Ao ler esta análise de Paulo Gorjão sobre a crise guineense, não resisti a discordar de alguns pontos levantados pelo autor. Não existe reposição de statu quo ante, pelo contrário, o poder mudou de mãos. De facto, o golpe visou afastar o chefe das forças armadas, Zamora Induta, e o primeiro-ministro Carlos Gomes Júnior. O resultado foi positivo no primeiro caso e quase de certeza positivo no segundo. Não há razões étnicas subjacentes a este golpe bem sucedido, pois os oficiais são balantas. A revolta explica-se pela falta de autoridade de Zamora, que pertence à geração mais nova que não participou na guerra colonial. António Indjai e Bubo Na Tchuto são veteranos e não recebem ordens de um militar que não respeitam.

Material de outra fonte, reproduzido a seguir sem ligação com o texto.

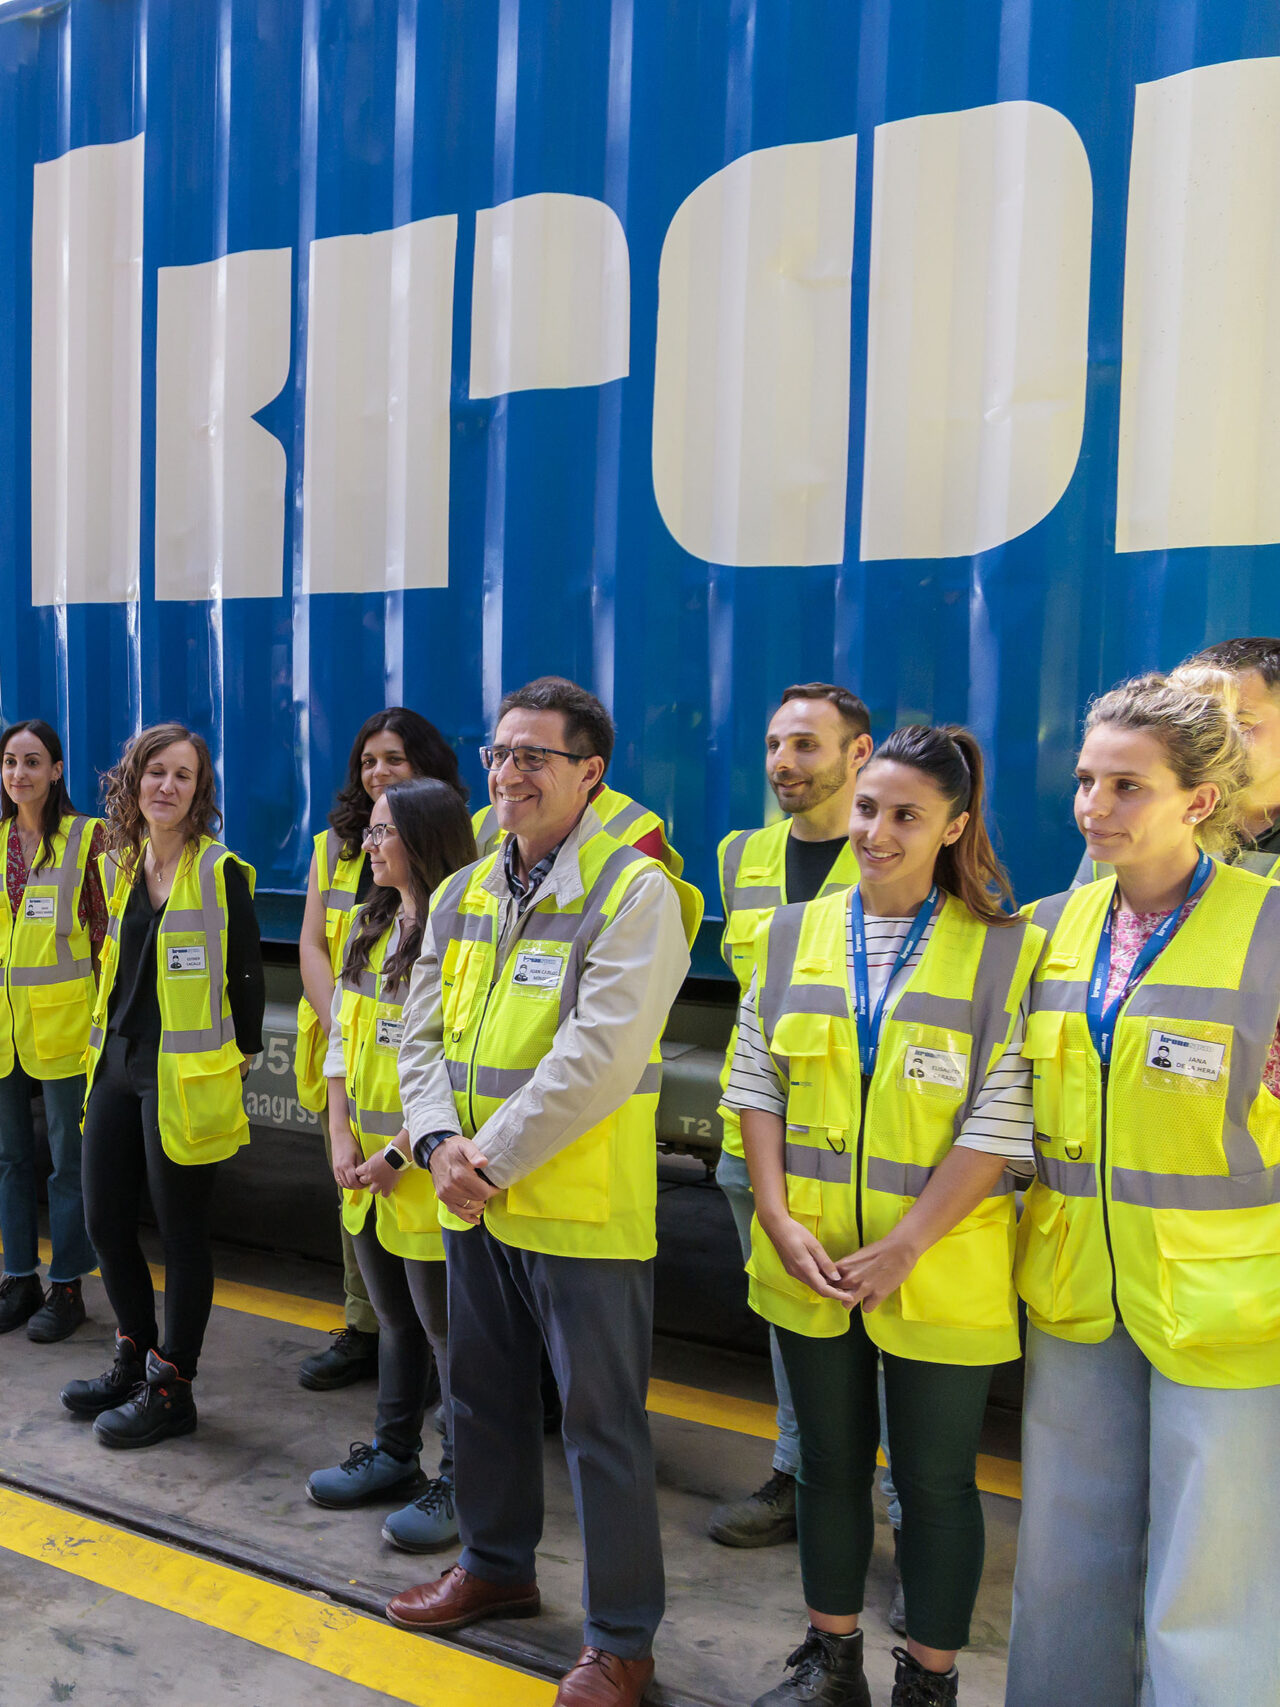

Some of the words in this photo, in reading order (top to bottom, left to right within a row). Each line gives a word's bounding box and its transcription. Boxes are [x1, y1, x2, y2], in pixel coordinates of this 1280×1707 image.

[1188, 1057, 1207, 1065] JANA
[1197, 1067, 1216, 1075] HERA
[678, 1115, 712, 1138] T2

Como conflito lateral está também uma luta pelo poder no interior do PAIGC. A questão do narcotráfico tem de certeza importância, mas não o saberemos com factos. Não percebo a razão para Paulo Gorjão admitir que Zamora vai ser libertado. Talvez seja, mas só quando os outros souberem que já não possui qualquer poder. Também não acredito que Carlos Gomes Júnior se mantenha no cargo, mas veremos.

As análises feitas sobre a Guiné esquecem frequentemente que quem manda naquele país são os militares. E, entre os militares, os que venceram os portugueses na guerra da independência. António Indjai é o novo homem forte e não há volta a dar.

Há civis que ganham influência, no caso Malan Bacai Sanhá, o presidente eleito em Setembro, que parece estar a manobrar alguns cordelinhos na situação, pelo menos como força moderadora, ou já haveria sangue a correr em Bissau. Não esqueçam que também ele é um veterano da guerrilha.